** Opening Material for this task block **

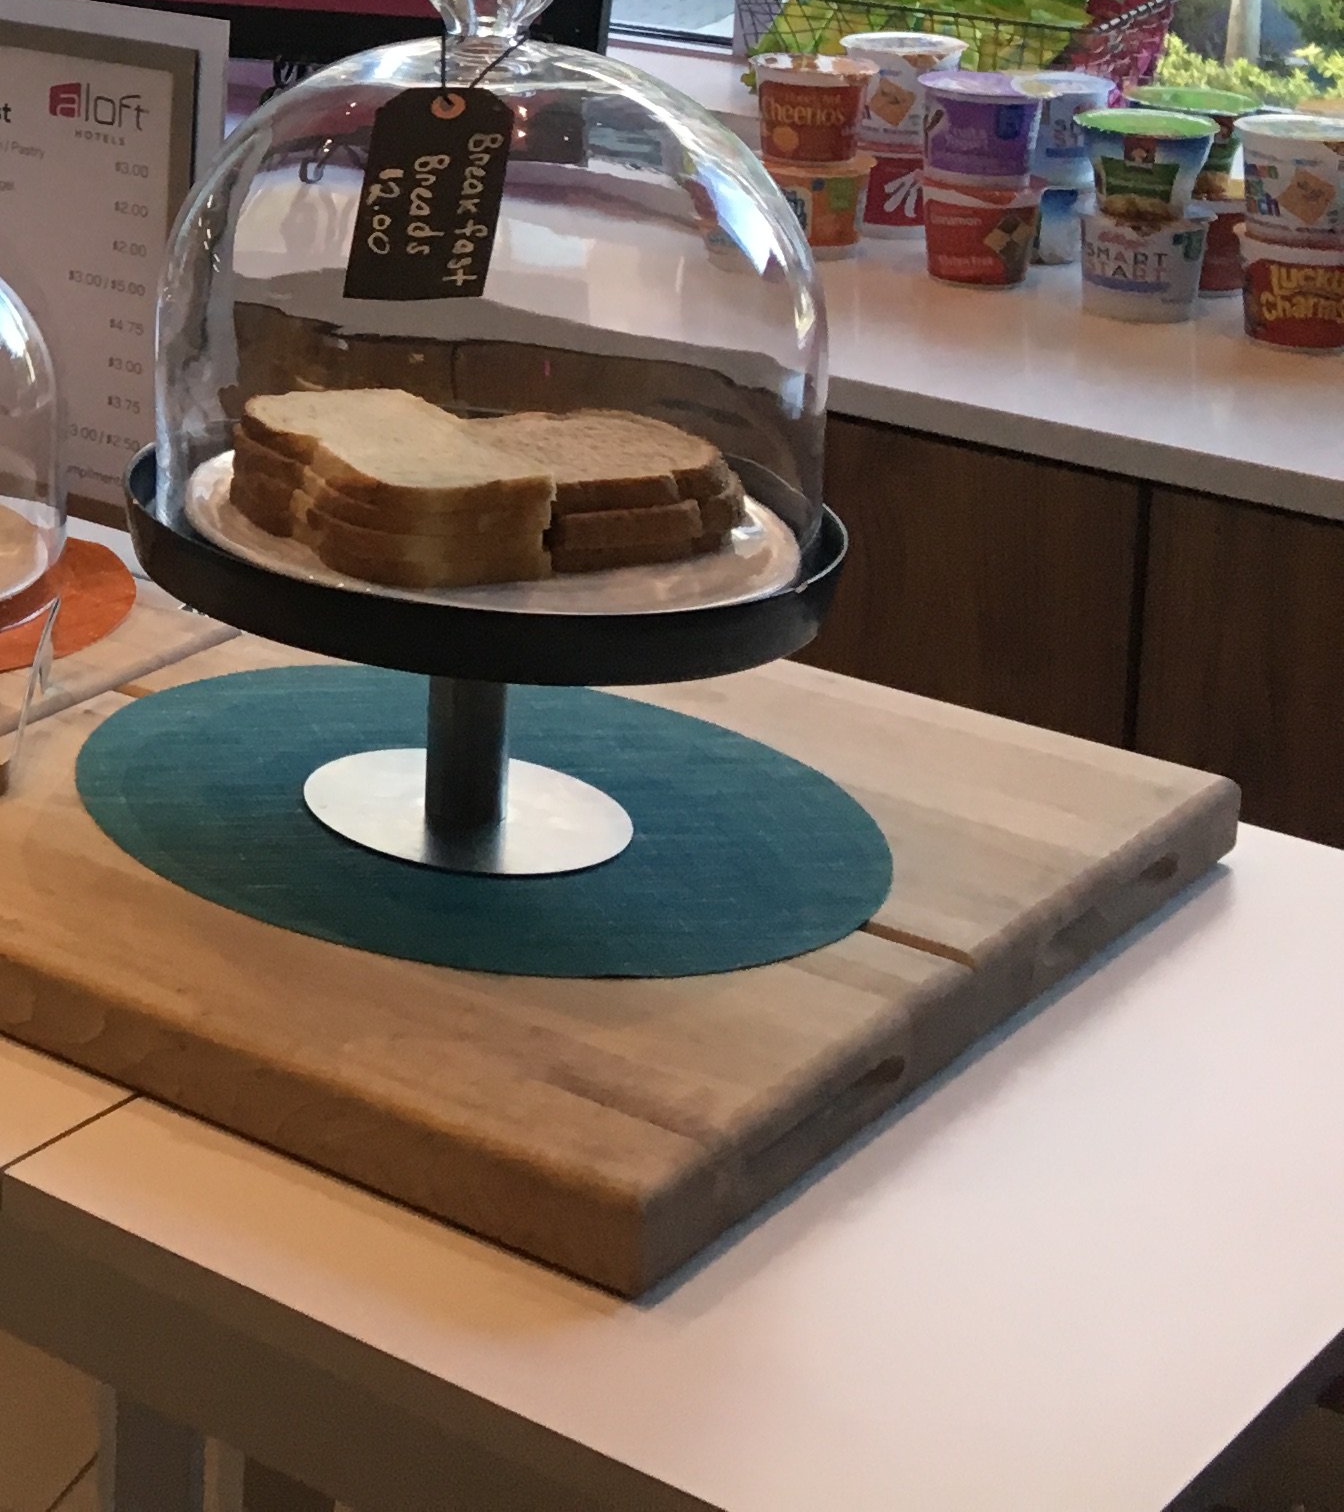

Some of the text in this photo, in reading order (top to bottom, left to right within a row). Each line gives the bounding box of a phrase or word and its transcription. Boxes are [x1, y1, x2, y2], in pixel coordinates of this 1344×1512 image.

[50, 83, 150, 132] aloft
[762, 96, 846, 126] Cheerios
[75, 129, 126, 147] HOTELS
[115, 162, 149, 179] $3.00
[114, 201, 148, 219] $2.00
[406, 154, 451, 256] Breads
[442, 133, 504, 287] Breakfast
[113, 240, 147, 258] $2.00
[1087, 242, 1168, 266] SMART
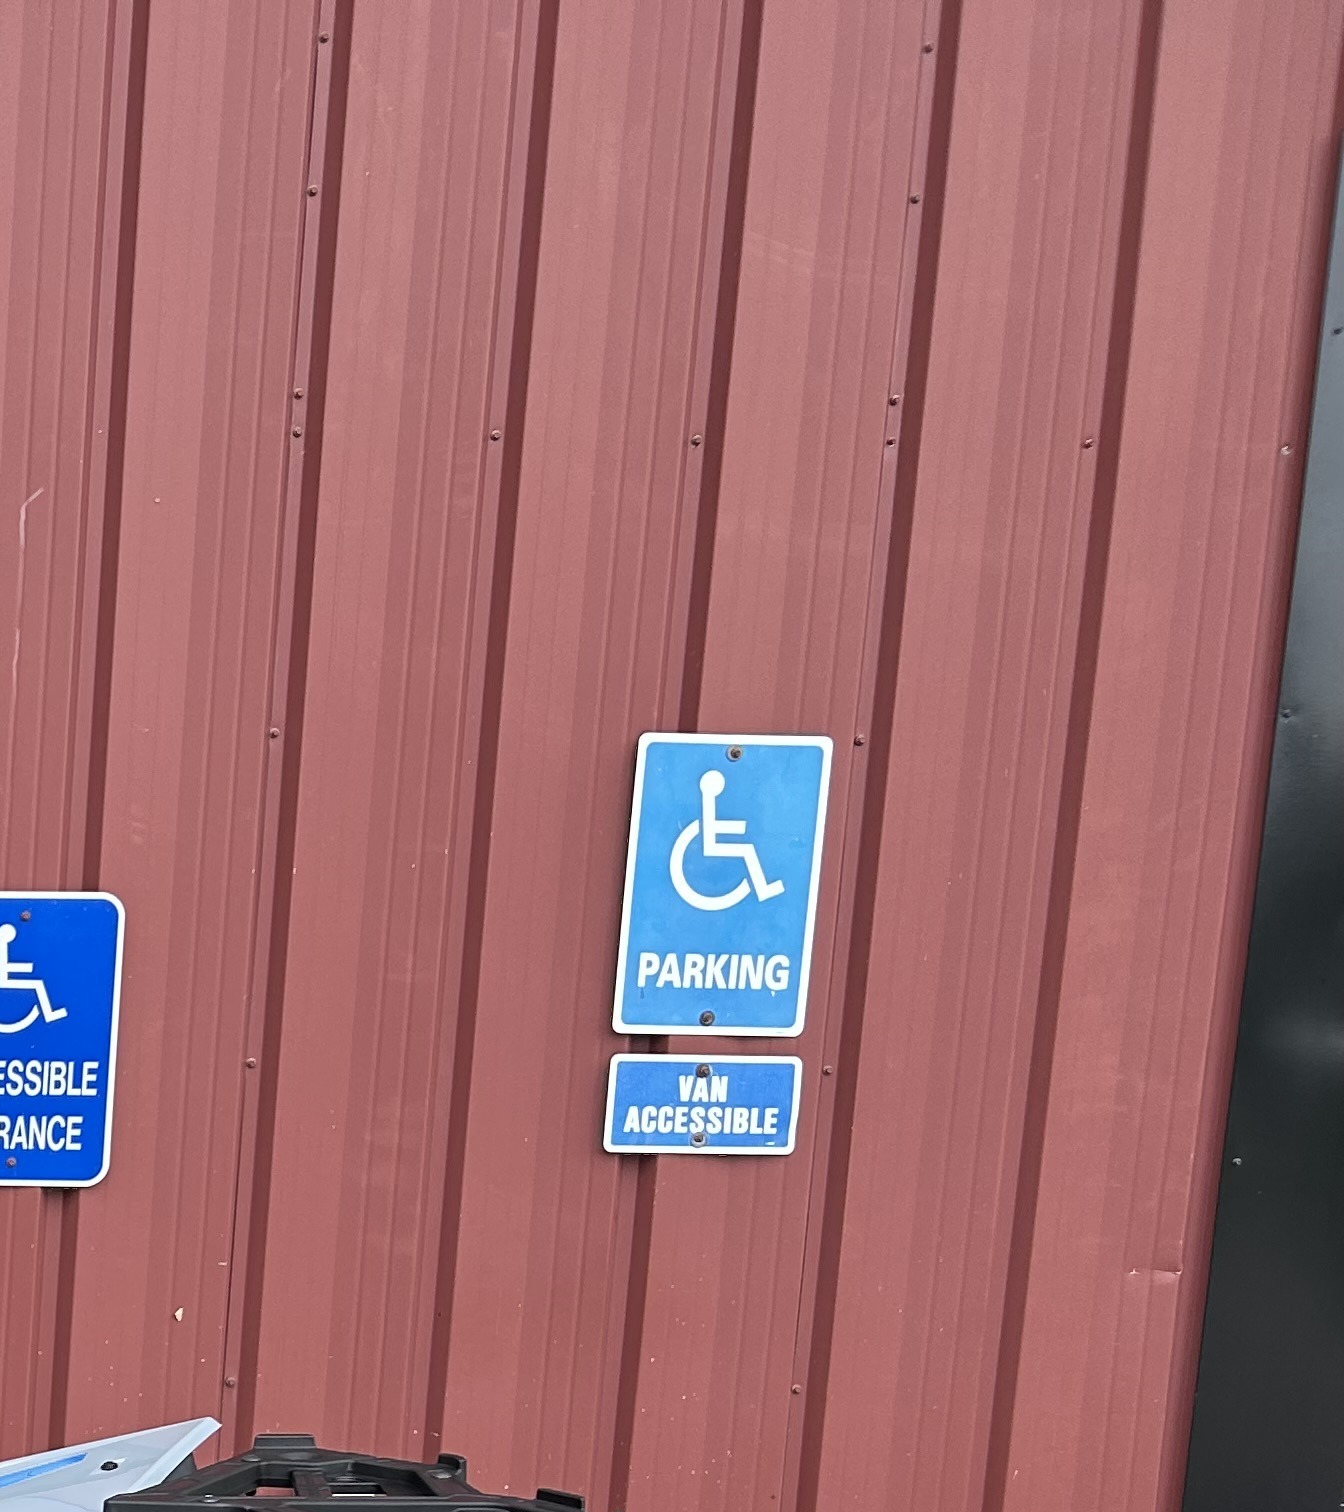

** Closing Material for this task block **

> _Task to complete_
Print every record exactly without the images.

> _Finished exercise_
Some of the text in this photo, in reading order (top to bottom, left to right within a row). Each line gives the bounding box of a phrase or word and its transcription. Boxes are [x1, y1, x2, y2], in pixel coordinates of this 1344×1512 image.

[50, 83, 150, 132] aloft
[762, 96, 846, 126] Cheerios
[75, 129, 126, 147] HOTELS
[115, 162, 149, 179] $3.00
[114, 201, 148, 219] $2.00
[406, 154, 451, 256] Breads
[442, 133, 504, 287] Breakfast
[113, 240, 147, 258] $2.00
[1087, 242, 1168, 266] SMART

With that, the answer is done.